Prompt -
Return each line of the records with nothing changed, pictures excepted.

[Image-backed grounding data]
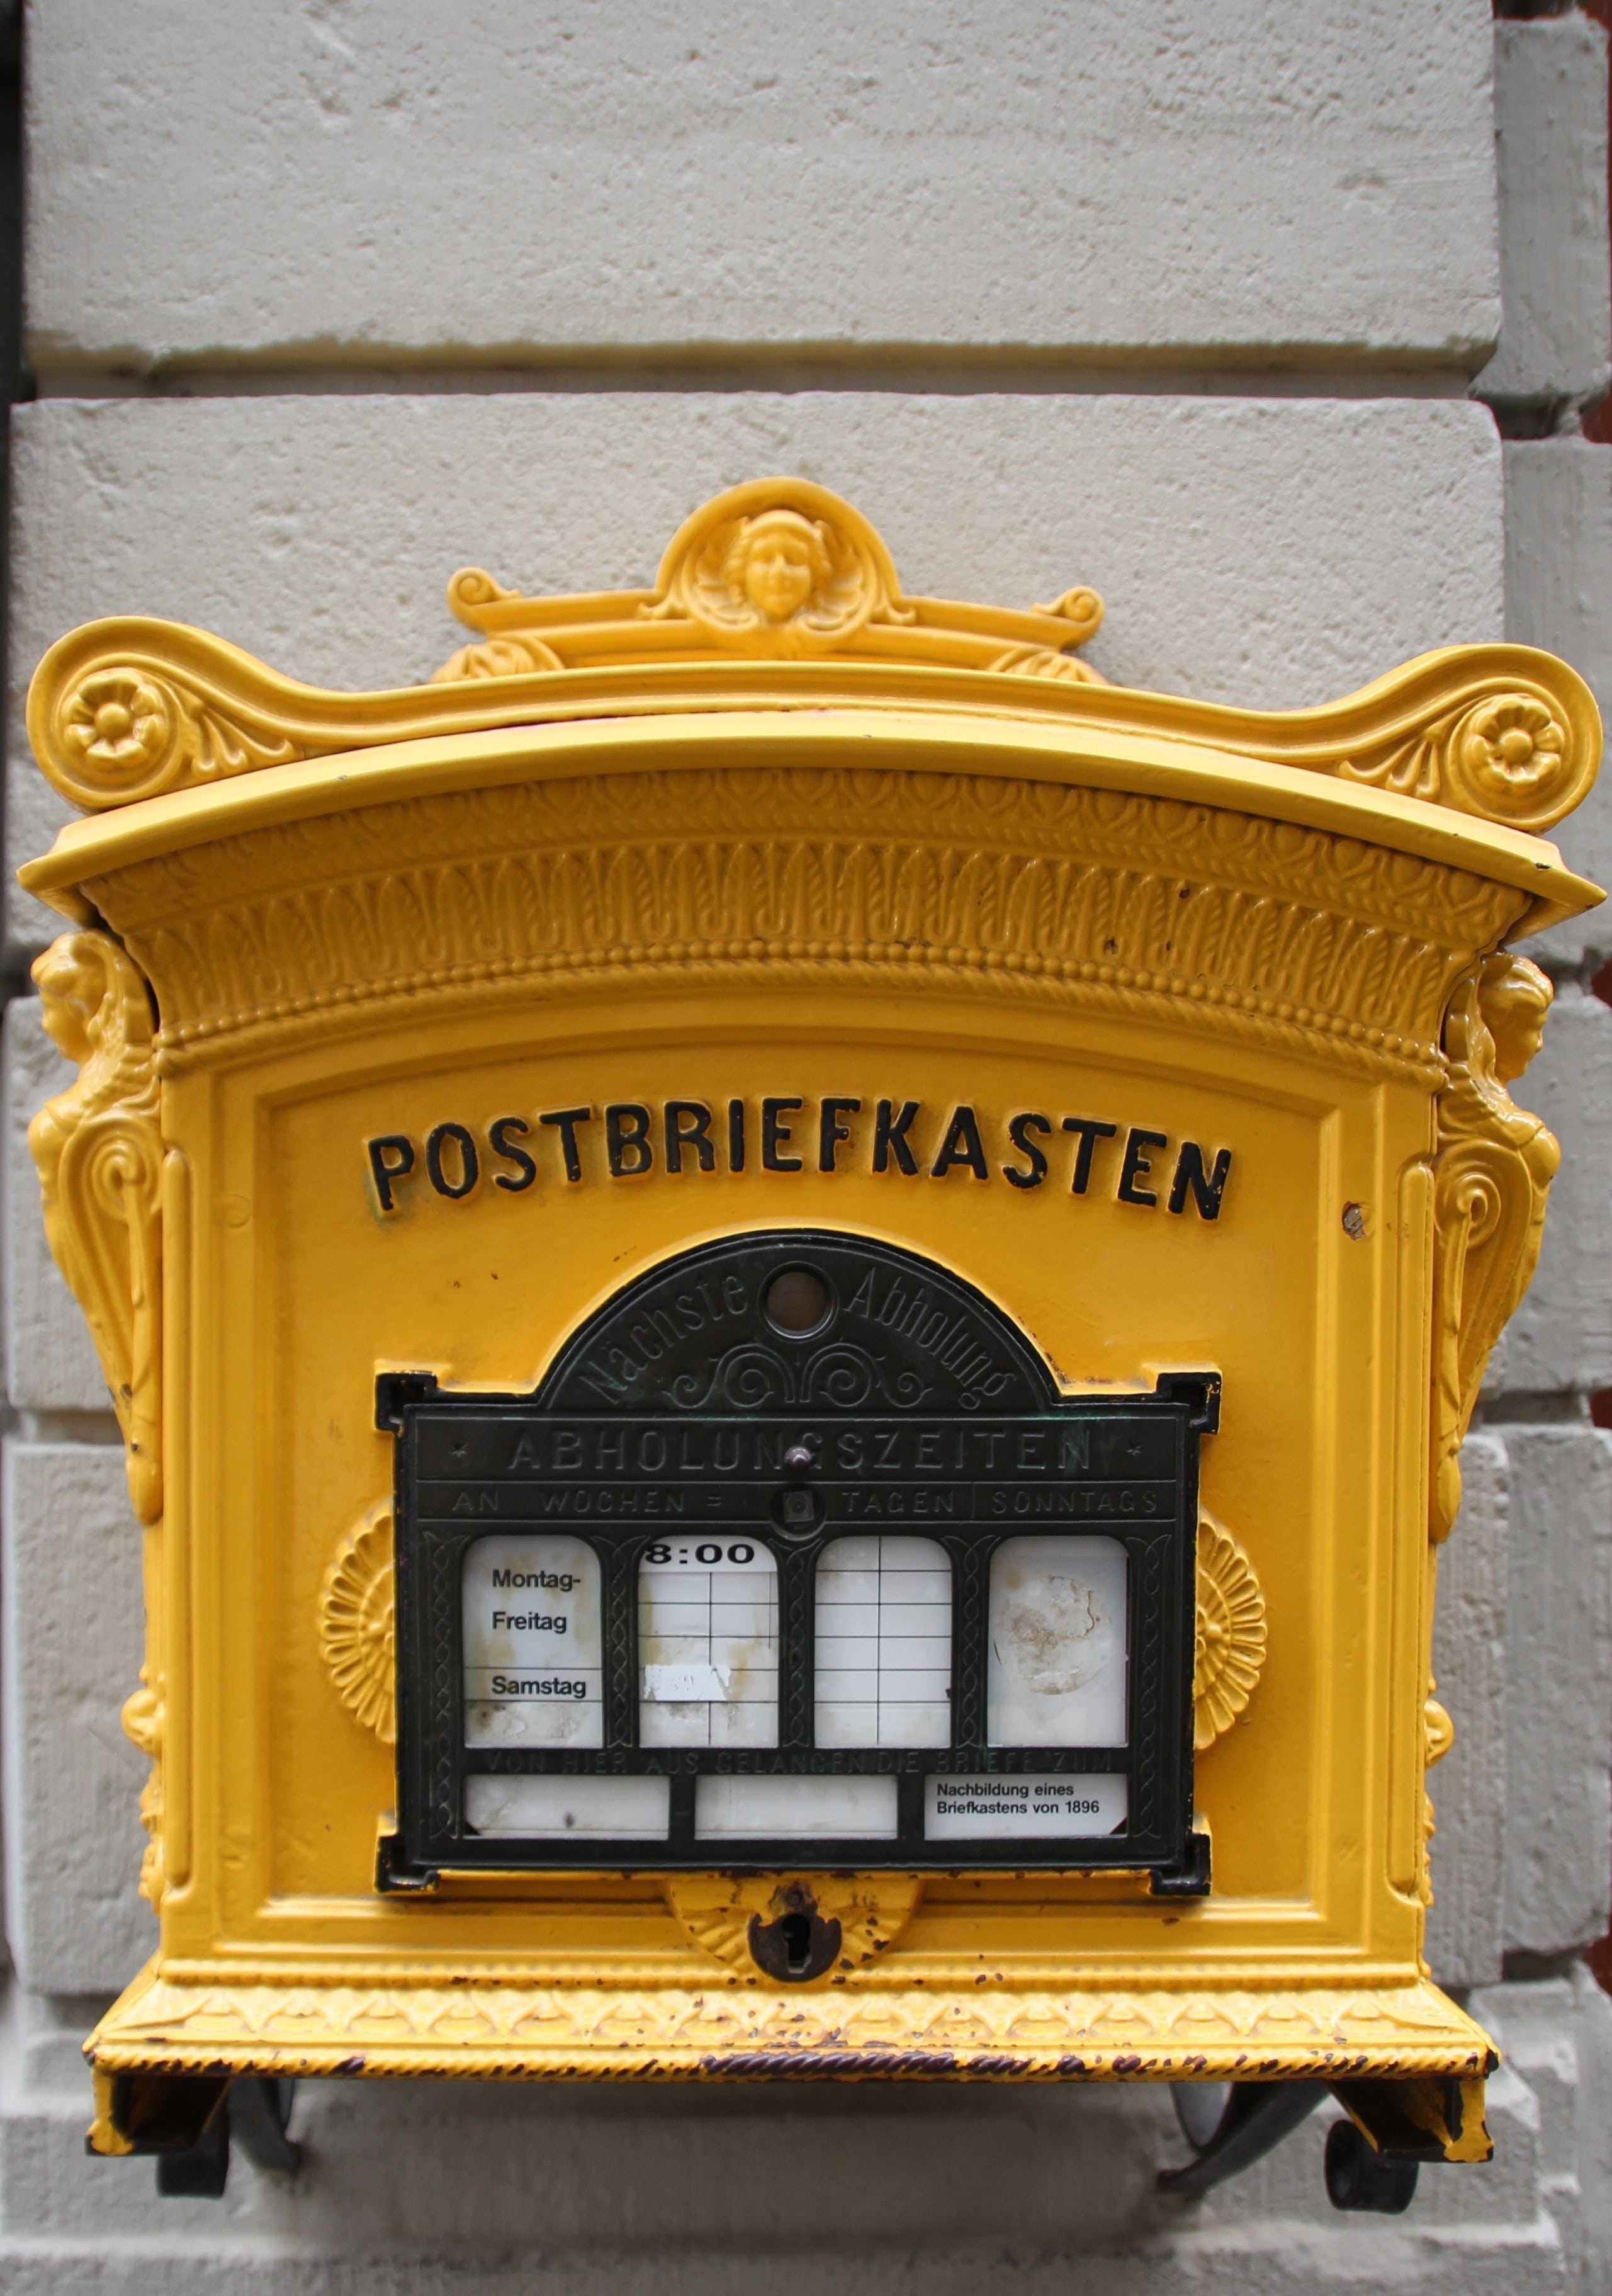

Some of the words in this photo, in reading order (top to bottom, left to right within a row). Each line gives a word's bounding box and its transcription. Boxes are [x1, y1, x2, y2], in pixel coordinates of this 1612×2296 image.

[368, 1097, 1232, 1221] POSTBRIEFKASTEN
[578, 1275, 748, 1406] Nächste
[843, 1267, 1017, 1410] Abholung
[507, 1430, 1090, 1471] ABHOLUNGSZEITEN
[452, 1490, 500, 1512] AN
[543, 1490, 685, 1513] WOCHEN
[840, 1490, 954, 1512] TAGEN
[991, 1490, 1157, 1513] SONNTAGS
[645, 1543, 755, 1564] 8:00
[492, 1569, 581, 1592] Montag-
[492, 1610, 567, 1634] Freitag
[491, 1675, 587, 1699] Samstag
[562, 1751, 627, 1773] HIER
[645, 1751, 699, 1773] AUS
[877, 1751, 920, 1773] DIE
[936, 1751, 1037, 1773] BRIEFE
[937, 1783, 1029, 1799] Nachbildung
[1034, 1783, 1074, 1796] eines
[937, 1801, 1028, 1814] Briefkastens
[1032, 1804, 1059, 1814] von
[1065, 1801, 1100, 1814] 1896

Expected answer -
Some of the words in this photo, in reading order (top to bottom, left to right within a row). Each line gives a word's bounding box and its transcription. Boxes are [x1, y1, x2, y2], in pixel coordinates of this 1612×2296 image.

[368, 1097, 1232, 1221] POSTBRIEFKASTEN
[578, 1275, 748, 1406] Nächste
[843, 1267, 1017, 1410] Abholung
[507, 1430, 1090, 1471] ABHOLUNGSZEITEN
[452, 1490, 500, 1512] AN
[543, 1490, 685, 1513] WOCHEN
[840, 1490, 954, 1512] TAGEN
[991, 1490, 1157, 1513] SONNTAGS
[645, 1543, 755, 1564] 8:00
[492, 1569, 581, 1592] Montag-
[492, 1610, 567, 1634] Freitag
[491, 1675, 587, 1699] Samstag
[562, 1751, 627, 1773] HIER
[645, 1751, 699, 1773] AUS
[877, 1751, 920, 1773] DIE
[936, 1751, 1037, 1773] BRIEFE
[937, 1783, 1029, 1799] Nachbildung
[1034, 1783, 1074, 1796] eines
[937, 1801, 1028, 1814] Briefkastens
[1032, 1804, 1059, 1814] von
[1065, 1801, 1100, 1814] 1896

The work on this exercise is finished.